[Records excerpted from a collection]
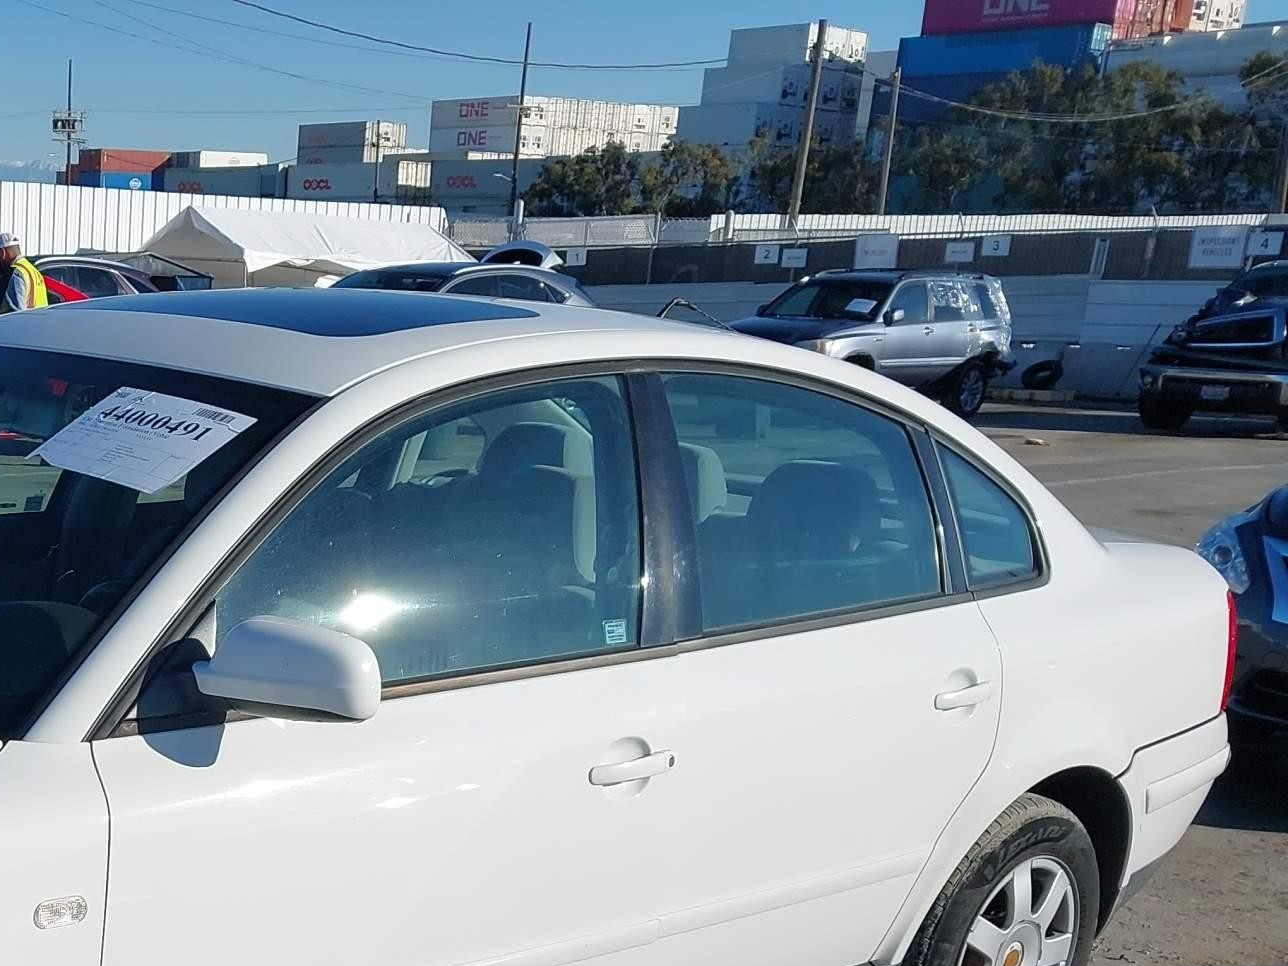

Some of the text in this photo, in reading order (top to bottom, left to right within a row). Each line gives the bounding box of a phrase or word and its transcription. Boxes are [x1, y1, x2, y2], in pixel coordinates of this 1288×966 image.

[459, 102, 489, 118] ONE
[457, 130, 487, 147] ONE
[303, 178, 332, 191] OOCL
[992, 240, 1000, 251] 3
[1260, 238, 1269, 249] 4
[763, 249, 770, 259] 2
[100, 405, 213, 441] 44000491

Your goal:
Nothing but the records, copied exactly and stripped of pictures, should be returned.

Problem solution:
Some of the text in this photo, in reading order (top to bottom, left to right within a row). Each line gives the bounding box of a phrase or word and its transcription. Boxes are [x1, y1, x2, y2], in pixel coordinates of this 1288×966 image.

[459, 102, 489, 118] ONE
[457, 130, 487, 147] ONE
[303, 178, 332, 191] OOCL
[992, 240, 1000, 251] 3
[1260, 238, 1269, 249] 4
[763, 249, 770, 259] 2
[100, 405, 213, 441] 44000491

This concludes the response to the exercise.